## Your task
An exact transcription of all the entries is needed; pictures stay out.

## Given data
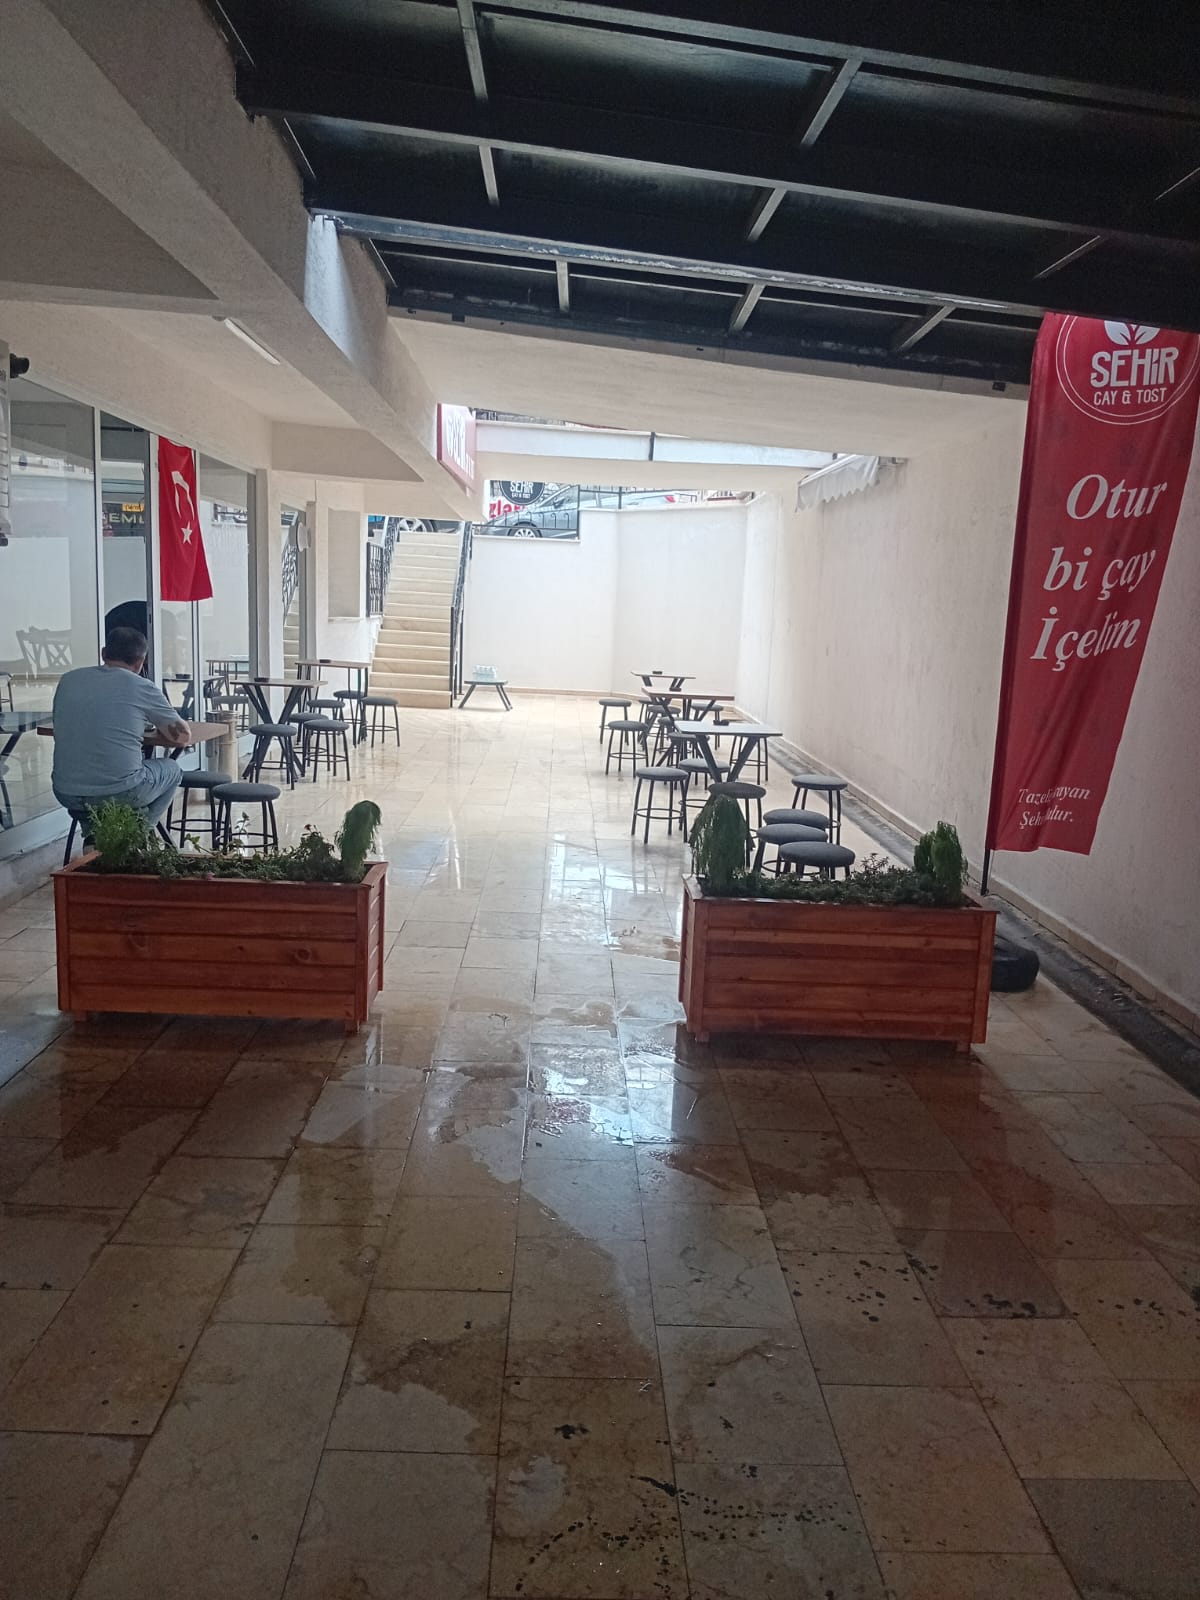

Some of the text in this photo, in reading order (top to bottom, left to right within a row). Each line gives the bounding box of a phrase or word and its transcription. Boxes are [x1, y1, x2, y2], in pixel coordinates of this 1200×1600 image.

[1122, 391, 1131, 405] &
[1136, 387, 1168, 404] TOST
[1066, 474, 1168, 520] Otur
[1043, 546, 1156, 601] bi çay
[1030, 606, 1141, 672] İçelim
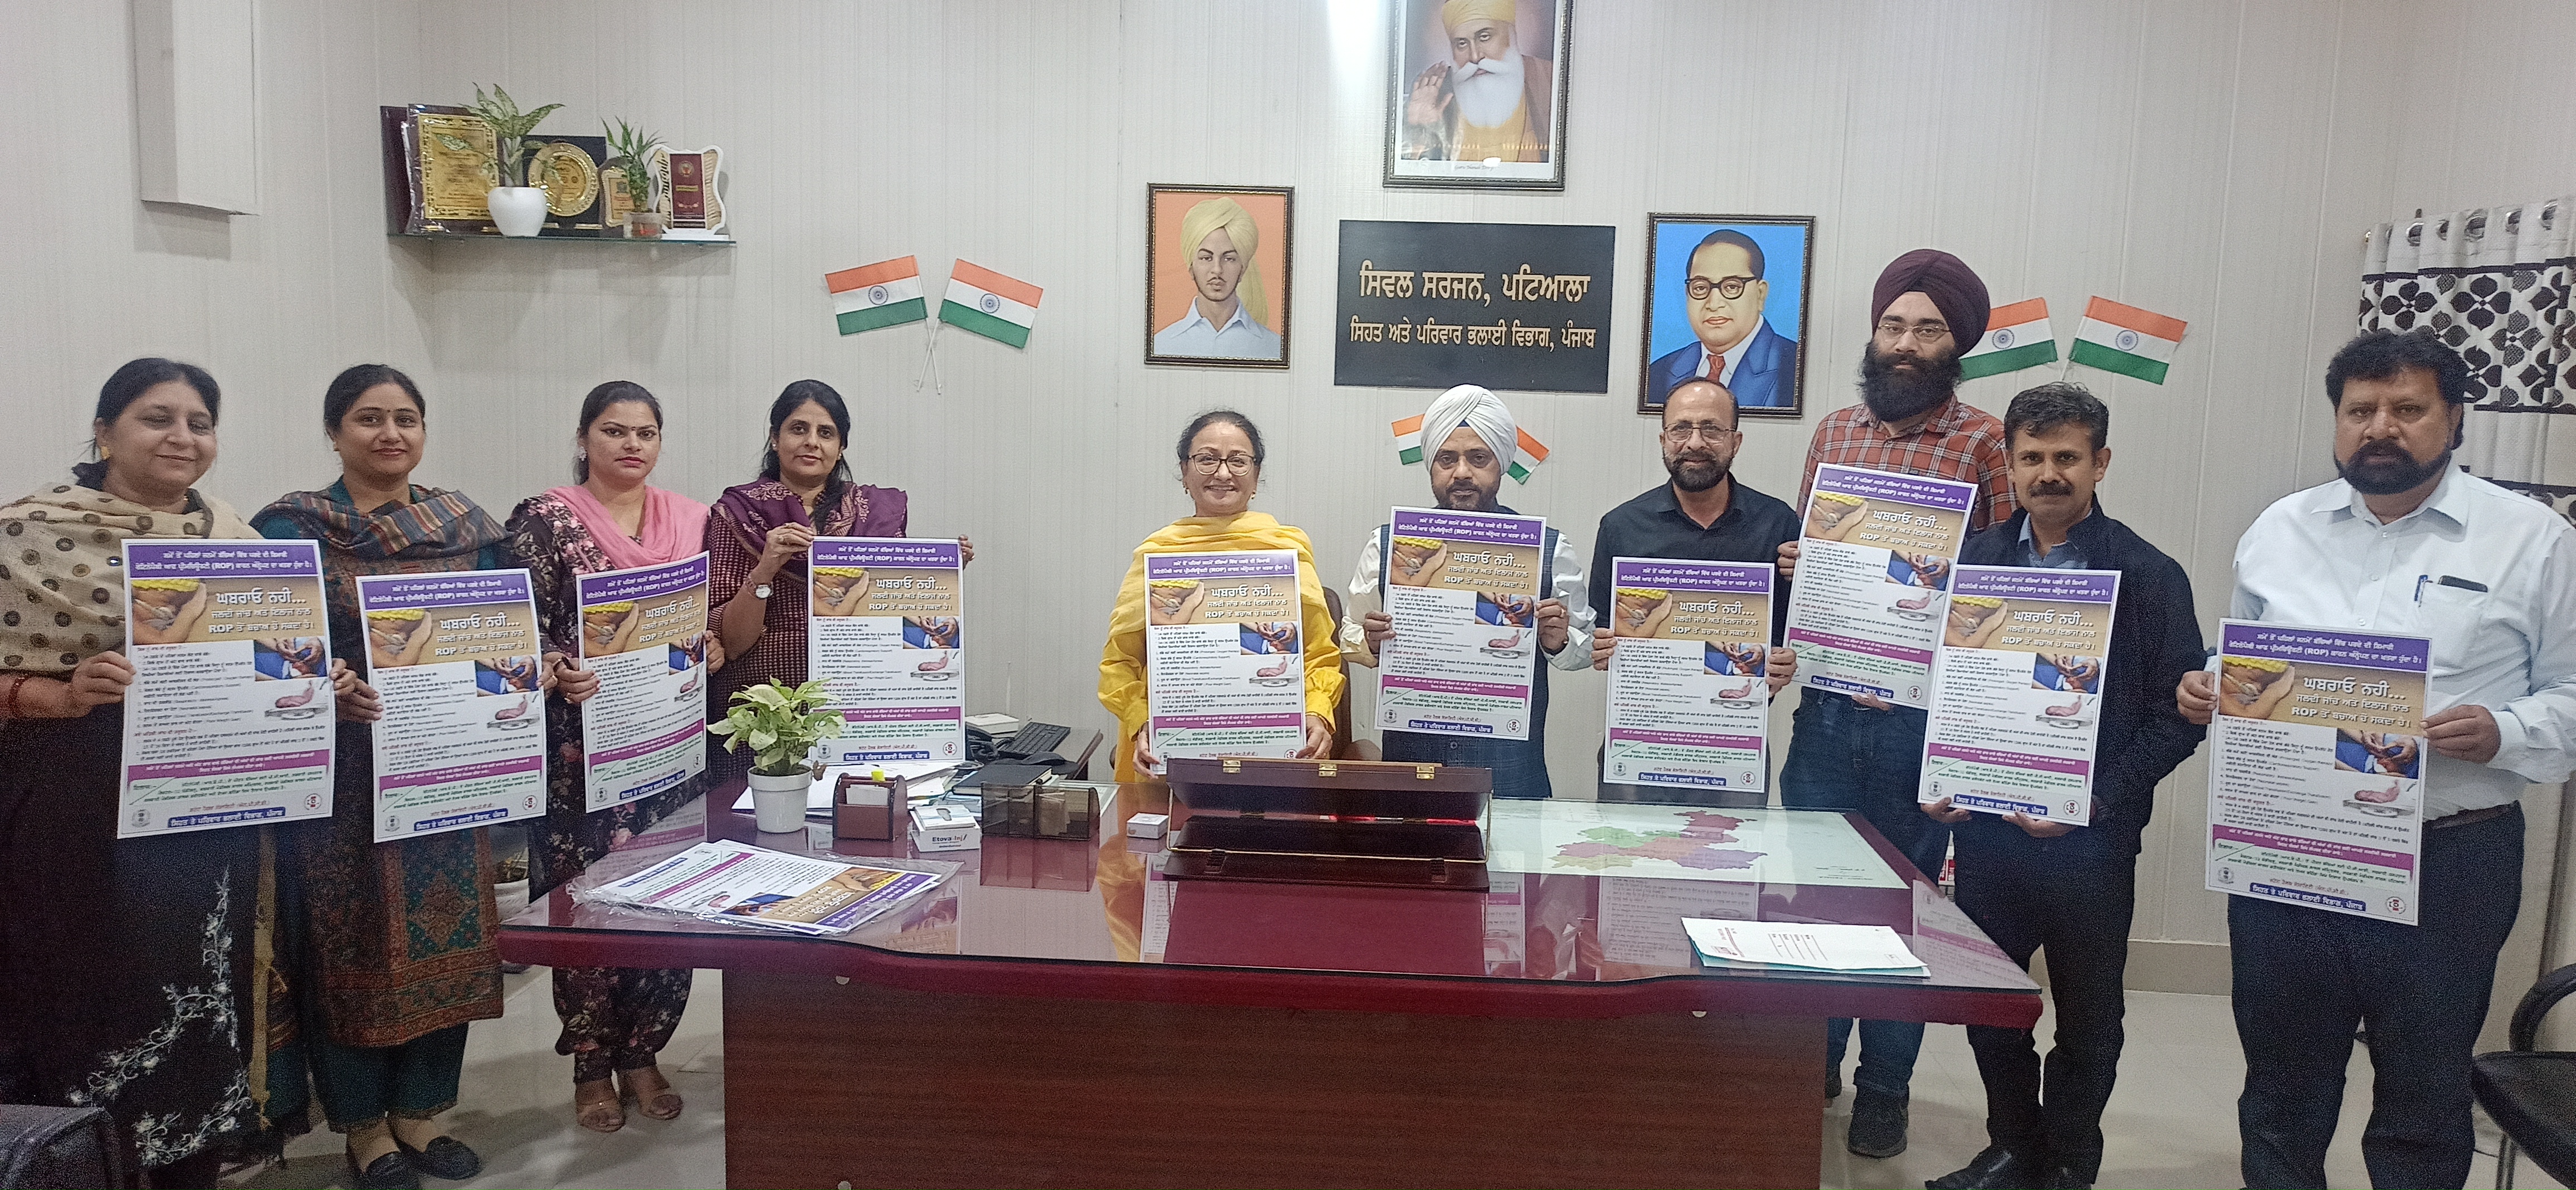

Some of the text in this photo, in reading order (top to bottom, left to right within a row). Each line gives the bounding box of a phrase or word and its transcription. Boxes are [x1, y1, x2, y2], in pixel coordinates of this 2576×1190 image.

[1360, 260, 1591, 306] ਸਿਵਲ ਸਰਜਨ, ਪਟਿਆਲਾ
[1350, 315, 1597, 352] ਸਿਹਤ ਅਤੇ ਪਰਿਵਾਰ ਭਲਾਈ ਵਿਭਾਗ, ਪੰਜਾਬ
[1873, 510, 1913, 524] ਘਬਰਾਓ
[1859, 532, 1880, 540] ROP
[1453, 550, 1491, 563] ਘਬਰਾਓ
[876, 576, 914, 588] ਘਬਰਾਓ
[215, 587, 264, 604] ਘਬਰਾਓ
[1211, 584, 1248, 597] ਘਬਰਾਓ
[1679, 599, 1719, 612] ਘਬਰਾਓ
[439, 613, 481, 630] ਘਬਰਾਓ
[2014, 609, 2056, 623] ਘਬਰਾਓ
[209, 624, 233, 633] ROP
[435, 647, 456, 655] ROP
[2304, 647, 2329, 657] (ROP)
[2304, 676, 2357, 692] ਘਬਰਾਓ
[2291, 706, 2318, 716] ROP

## Result of this task
Some of the text in this photo, in reading order (top to bottom, left to right within a row). Each line gives the bounding box of a phrase or word and its transcription. Boxes are [x1, y1, x2, y2], in pixel coordinates of this 1200×1600 image.

[1122, 391, 1131, 405] &
[1136, 387, 1168, 404] TOST
[1066, 474, 1168, 520] Otur
[1043, 546, 1156, 601] bi çay
[1030, 606, 1141, 672] İçelim

Some of the text in this photo, in reading order (top to bottom, left to right within a row). Each line gives the bounding box of a phrase or word and its transcription. Boxes are [x1, y1, x2, y2], in pixel coordinates of this 2576×1190 image.

[1360, 260, 1591, 306] ਸਿਵਲ ਸਰਜਨ, ਪਟਿਆਲਾ
[1350, 315, 1597, 352] ਸਿਹਤ ਅਤੇ ਪਰਿਵਾਰ ਭਲਾਈ ਵਿਭਾਗ, ਪੰਜਾਬ
[1873, 510, 1913, 524] ਘਬਰਾਓ
[1859, 532, 1880, 540] ROP
[1453, 550, 1491, 563] ਘਬਰਾਓ
[876, 576, 914, 588] ਘਬਰਾਓ
[215, 587, 264, 604] ਘਬਰਾਓ
[1211, 584, 1248, 597] ਘਬਰਾਓ
[1679, 599, 1719, 612] ਘਬਰਾਓ
[439, 613, 481, 630] ਘਬਰਾਓ
[2014, 609, 2056, 623] ਘਬਰਾਓ
[209, 624, 233, 633] ROP
[435, 647, 456, 655] ROP
[2304, 647, 2329, 657] (ROP)
[2304, 676, 2357, 692] ਘਬਰਾਓ
[2291, 706, 2318, 716] ROP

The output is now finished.